The authors have demonstrated in this article repeated attempts to link the osseointegrated Core Vent implant to fibrous encapsulated blade and subperiosteal implants and to ignore published animal and clinical research. It is unfortunate when those who have successfully climbed the ladder from basic science research to clinical reality attempt to pull the ladder up behind them.
Gerald A. Niznick, DMD, MSD
16030 Ventura Blvd., Ste. 690
Encino, CA 91436
1. Albrektsson T, Zarb G, Worthington P, Eriksson A. The long-term efficacy of currently used dental implants: A review and proposed criteria of success. JOMI 1986;1.
2. Walker C, Aufdemorte T. the mandibular staple bone plate: a 5 1/2-year follow-up. J Am Dent Assoc 1987;114:189-92.

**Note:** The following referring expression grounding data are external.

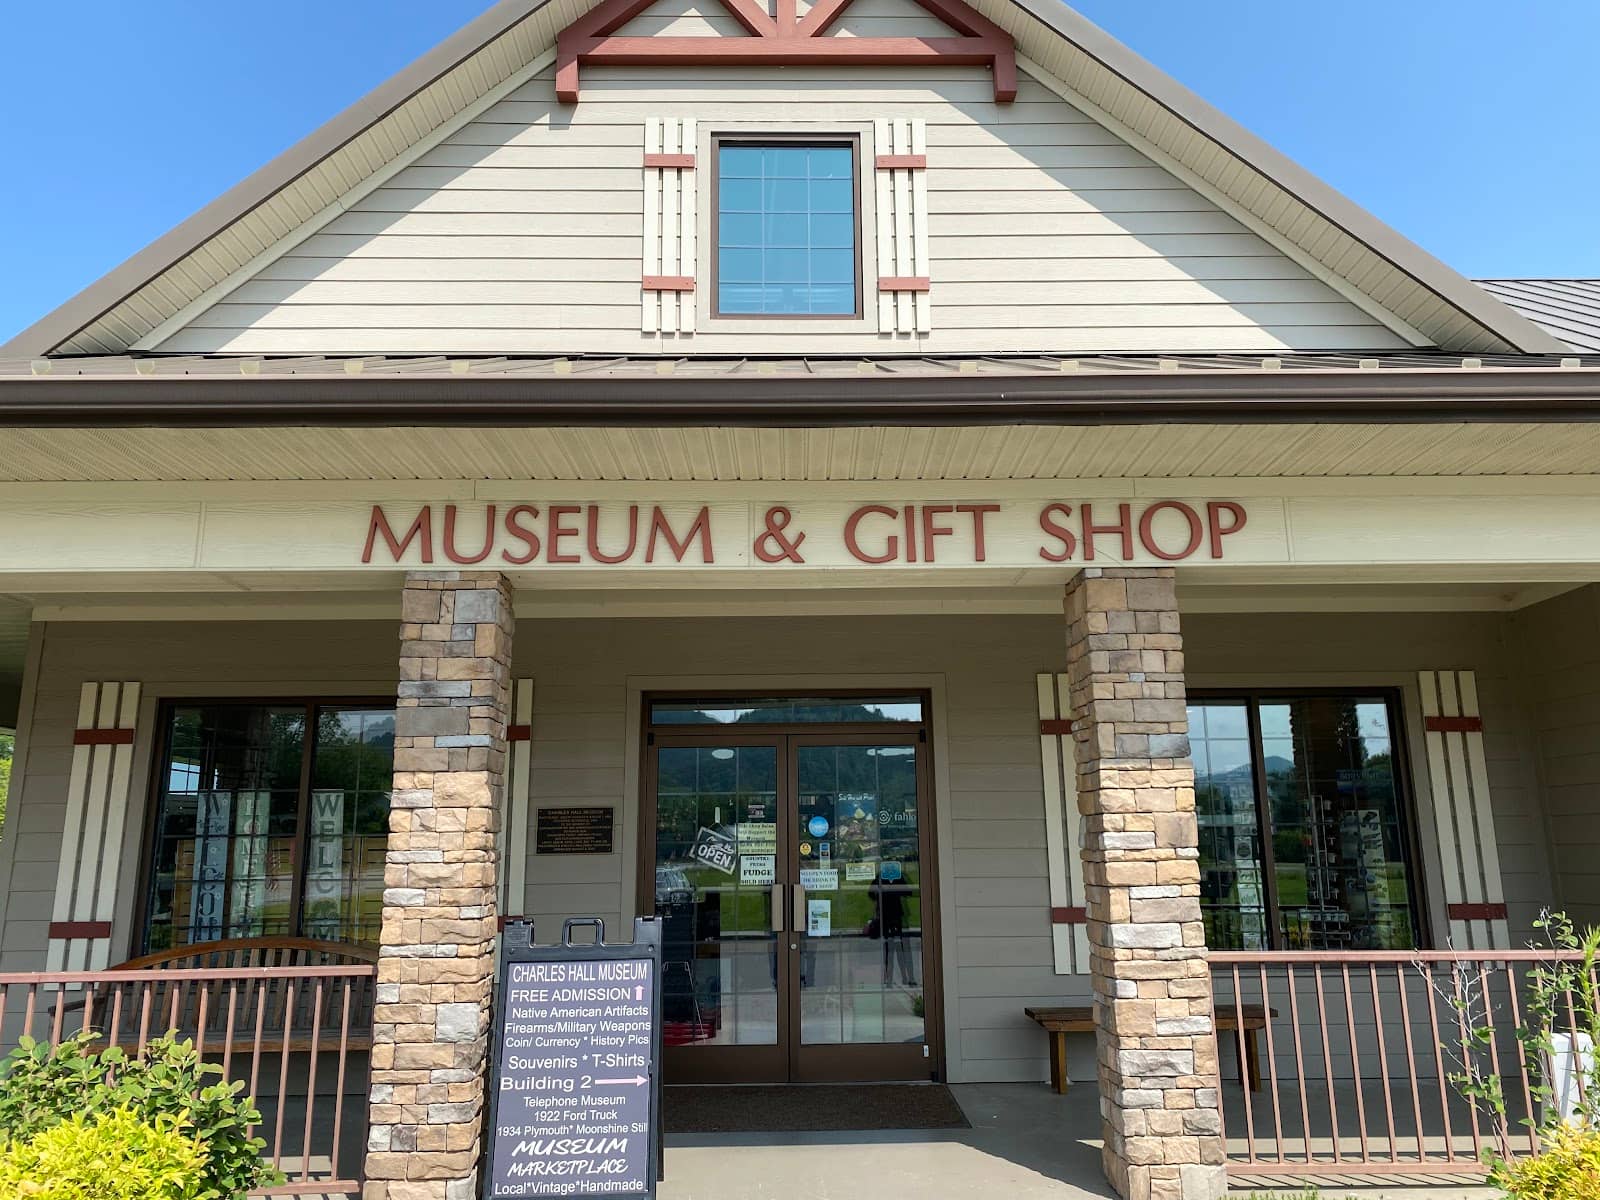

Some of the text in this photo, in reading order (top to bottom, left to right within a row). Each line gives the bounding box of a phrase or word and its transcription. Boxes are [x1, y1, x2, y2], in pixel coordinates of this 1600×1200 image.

[361, 500, 1248, 564] MUSEUM & GIFT SHOP
[698, 843, 732, 867] OPEN
[743, 869, 773, 877] FUDGE
[512, 963, 647, 983] CHARLES HALL MUSEUM
[510, 988, 631, 1003] FREE ADMISSION
[512, 1005, 649, 1019] Native American Artifacts
[504, 1021, 651, 1035] Firearms/Military Weapons
[505, 1035, 650, 1049] Coin/ Currency History Pics
[508, 1053, 645, 1070] Souvenirs T-Shirts
[500, 1075, 593, 1092] Building 2
[523, 1095, 626, 1108] Telephone Museum
[534, 1109, 618, 1122] 1922 Ford Truck
[497, 1126, 522, 1137] 1934
[575, 1123, 628, 1135] Moonshine
[631, 1122, 648, 1134] Still
[511, 1137, 628, 1156] MUSEUM
[506, 1158, 629, 1177] MARKETPLACE

3. Albrektsson T. The response of bone to titanium implants. CRC Critical Reviews in Biocompatibility 1984;1:53-84.
4. Niznick G. Through the eyes of the editor. J Prosthet Dent 1983;49:747.
5. Zarb G. Through the eyes of the editor. J Prosthet Dent 1983;49:747.
6. Parr G, Gardner L, Toth W. Titanium: The mystery metal of implant dentistry. J Prosthet Dent 1985;54:410-4.
7. Andersson G, Gaechter A, Galante J, Rostocker W. Segmental replacement of long bone in baboons using a fiber titanium implant. J Bone Joint Surg [Am] 1978;60:31.
8. Laskin D. Presentation 1986 AAOMS national meeting. New Orleans.
9. Lum L, Beirne R. Viability of the retained bone core in the Core-Vent dental implant. J Oral Maxillofac Surg 1986;44:341-5.
10. Niznick G. Destinations Magazine, 1986;10.
11. Chase D. Comparative evaluation of endosseous implant systems in edentulous dogs. Presentation at AAOMS meeting, Anaheim, Calif, Sept 1987.
12. Lum L, Beirne R. [Abstract]. Second International Congress on Preprosthetic Surgery, Palm Springs, Calif., May 1987.